** EXERCISE INPUT follows **
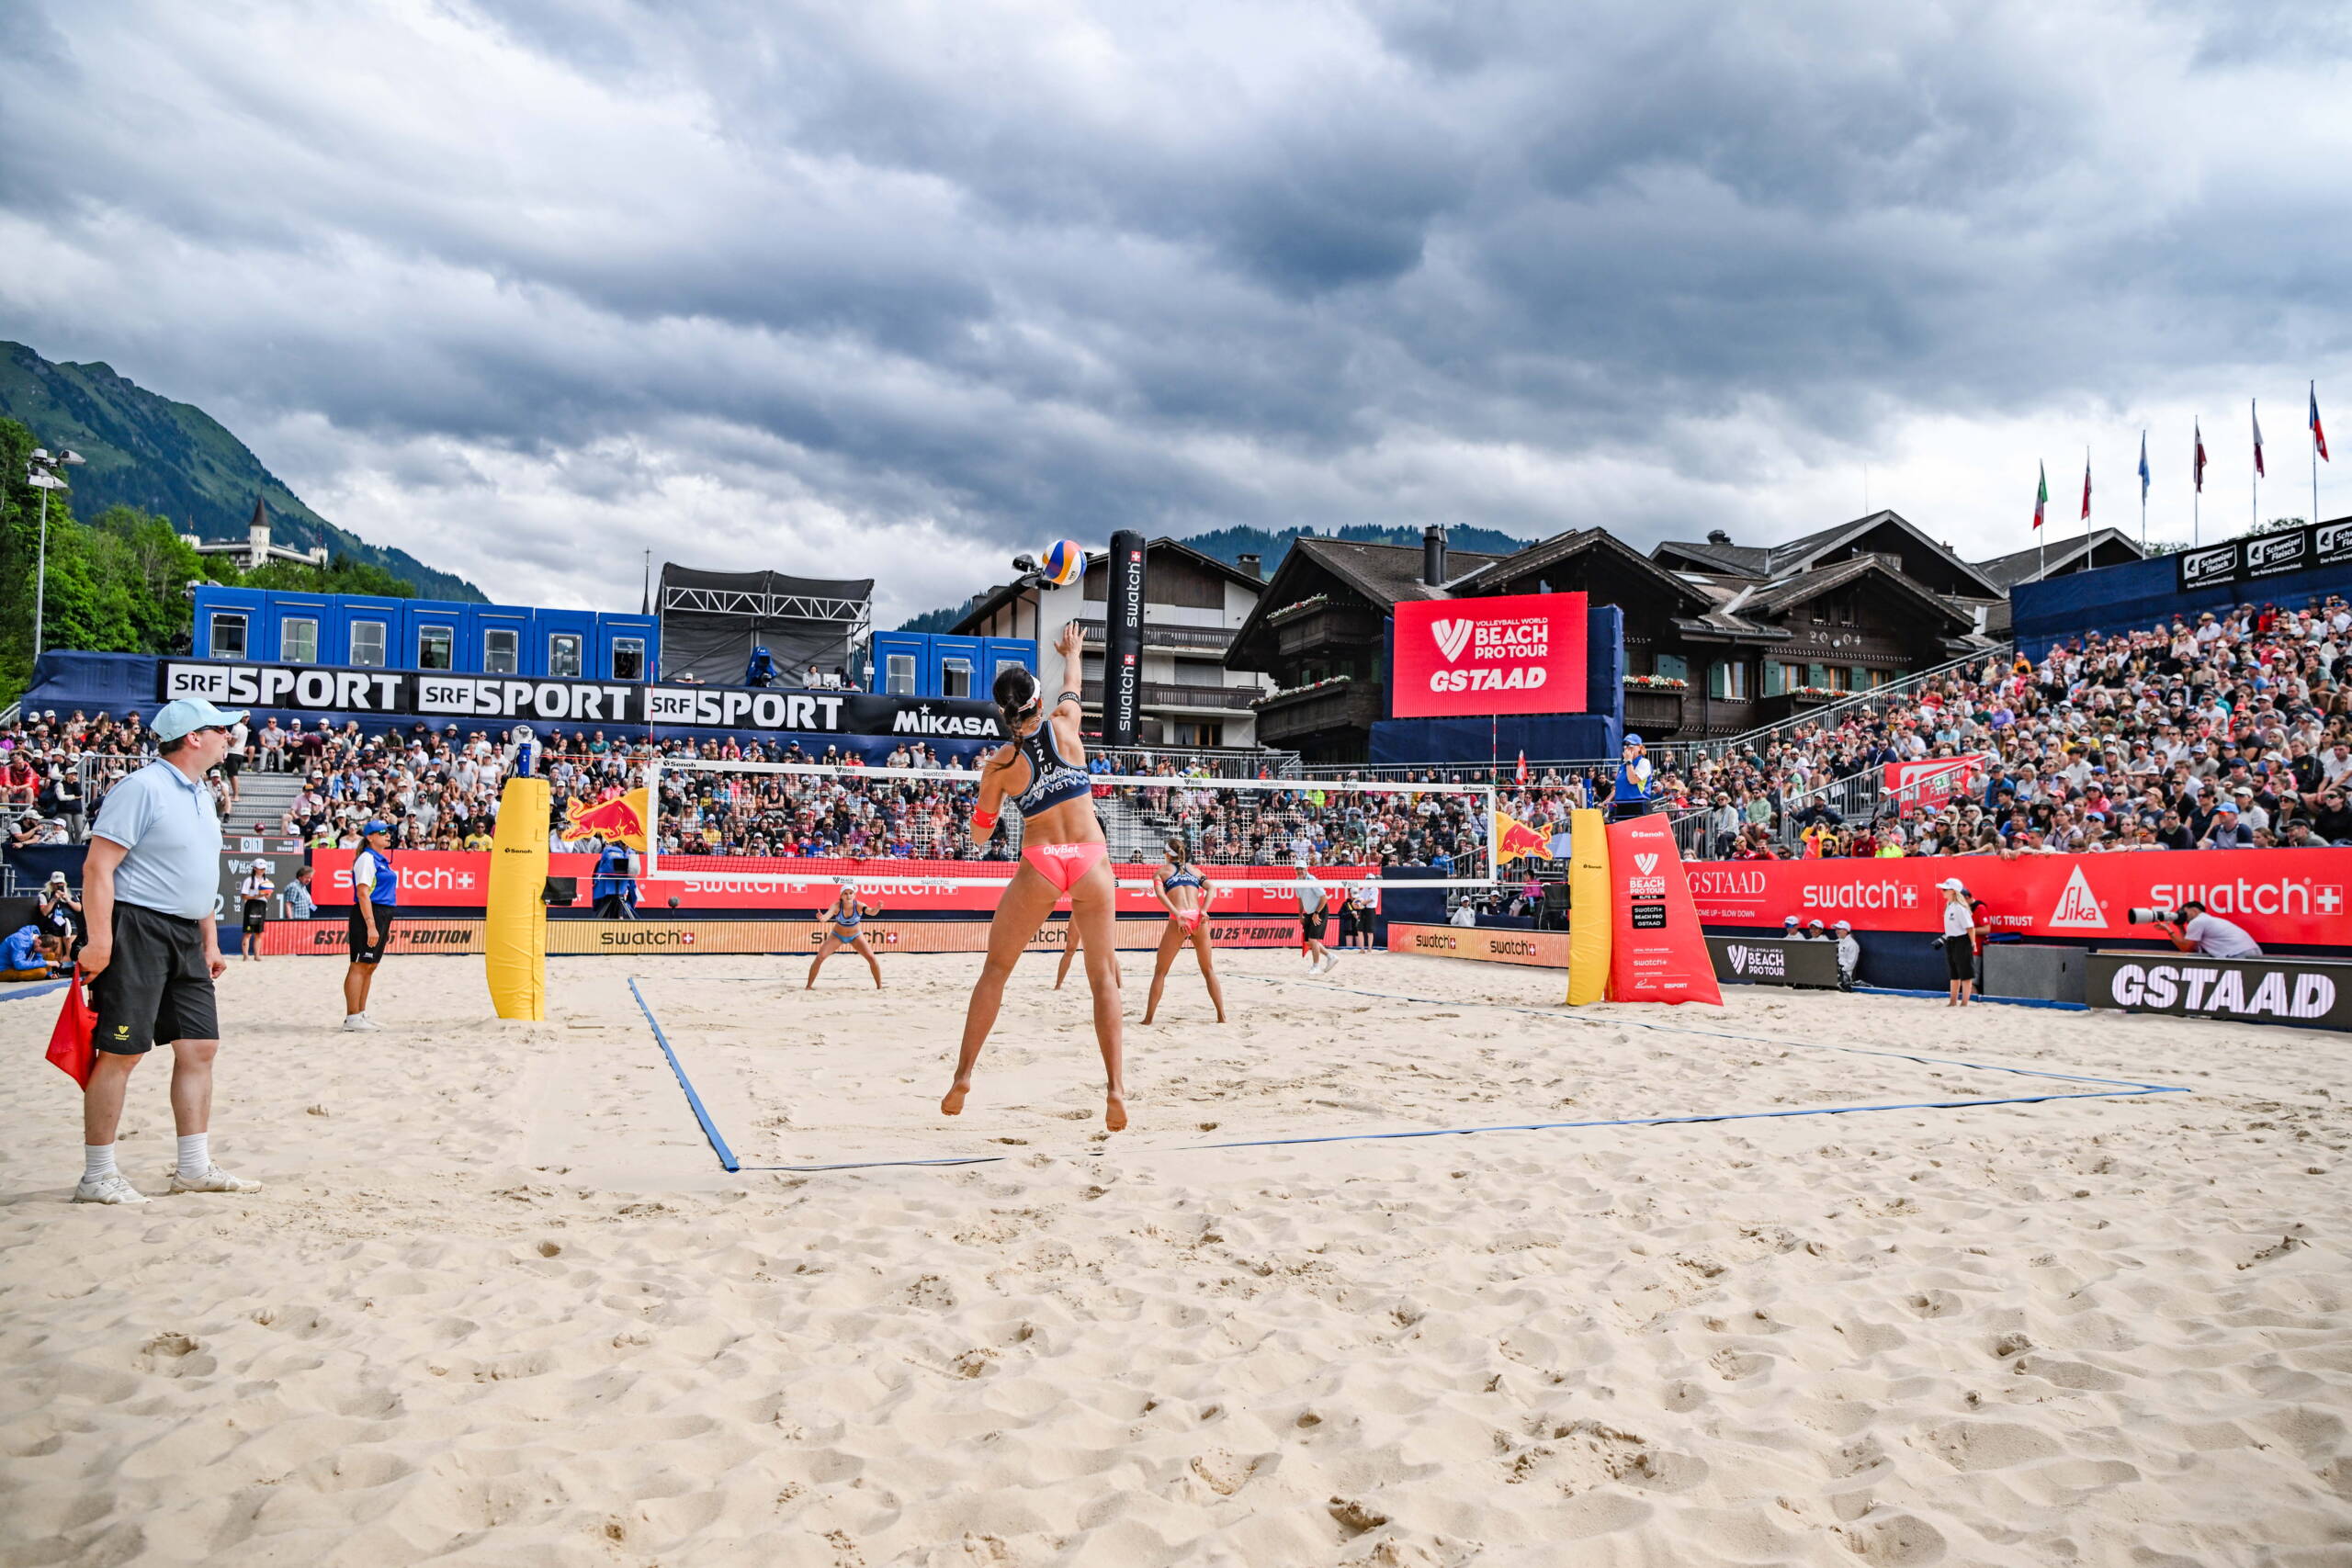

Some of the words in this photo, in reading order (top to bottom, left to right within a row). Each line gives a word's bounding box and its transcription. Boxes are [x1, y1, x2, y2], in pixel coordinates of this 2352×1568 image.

[2266, 537, 2301, 556] Schweizer
[2271, 547, 2296, 561] Fleisch
[2200, 551, 2233, 569] Schweizer
[2206, 560, 2229, 574] Fleisch
[1126, 562, 1141, 628] swatch
[1476, 619, 1521, 627] VOLLEYBALL
[1521, 616, 1548, 625] WORLD
[1475, 625, 1548, 647] BEACH
[1475, 646, 1507, 660] PRO
[1508, 644, 1548, 658] TOUR
[1430, 667, 1547, 693] GSTAAD
[175, 673, 222, 694] SRF
[229, 667, 402, 710] SPORT
[425, 686, 469, 704] SRF
[474, 680, 632, 721] SPORT
[1120, 665, 1135, 731] swatch
[651, 695, 692, 715] SRF
[696, 691, 843, 730] SPORT
[1036, 749, 1046, 762] 2
[1040, 761, 1053, 775] LAT
[1046, 775, 1078, 794] VBTV
[1044, 844, 1080, 856] OlyBet
[334, 867, 453, 889] stch
[1630, 880, 1666, 888] BEACH
[1688, 871, 1766, 894] GSTAAD
[1804, 879, 1899, 908] swatch
[2057, 886, 2098, 921] Sika
[2004, 916, 2033, 927] TRUST
[411, 930, 472, 944] EDITION
[601, 930, 680, 945] swatch
[1250, 927, 1295, 940] EDITION
[1416, 933, 1451, 949] swatch
[1490, 941, 1529, 955] swatch
[1748, 953, 1785, 966] BEACH
[1748, 965, 1764, 976] PRO
[1764, 965, 1785, 976] TOUR
[2111, 964, 2336, 1019] GSTAAD
** End of EXERCISE INPUT **
• **PROBLEM TO SOLVE**: Without the pictures, repeat all the records word for word.

• **RESPONSE TO THE TASK**:
Some of the words in this photo, in reading order (top to bottom, left to right within a row). Each line gives a word's bounding box and its transcription. Boxes are [x1, y1, x2, y2], in pixel coordinates of this 2352×1568 image.

[2266, 537, 2301, 556] Schweizer
[2271, 547, 2296, 561] Fleisch
[2200, 551, 2233, 569] Schweizer
[2206, 560, 2229, 574] Fleisch
[1126, 562, 1141, 628] swatch
[1476, 619, 1521, 627] VOLLEYBALL
[1521, 616, 1548, 625] WORLD
[1475, 625, 1548, 647] BEACH
[1475, 646, 1507, 660] PRO
[1508, 644, 1548, 658] TOUR
[1430, 667, 1547, 693] GSTAAD
[175, 673, 222, 694] SRF
[229, 667, 402, 710] SPORT
[425, 686, 469, 704] SRF
[474, 680, 632, 721] SPORT
[1120, 665, 1135, 731] swatch
[651, 695, 692, 715] SRF
[696, 691, 843, 730] SPORT
[1036, 749, 1046, 762] 2
[1040, 761, 1053, 775] LAT
[1046, 775, 1078, 794] VBTV
[1044, 844, 1080, 856] OlyBet
[334, 867, 453, 889] stch
[1630, 880, 1666, 888] BEACH
[1688, 871, 1766, 894] GSTAAD
[1804, 879, 1899, 908] swatch
[2057, 886, 2098, 921] Sika
[2004, 916, 2033, 927] TRUST
[411, 930, 472, 944] EDITION
[601, 930, 680, 945] swatch
[1250, 927, 1295, 940] EDITION
[1416, 933, 1451, 949] swatch
[1490, 941, 1529, 955] swatch
[1748, 953, 1785, 966] BEACH
[1748, 965, 1764, 976] PRO
[1764, 965, 1785, 976] TOUR
[2111, 964, 2336, 1019] GSTAAD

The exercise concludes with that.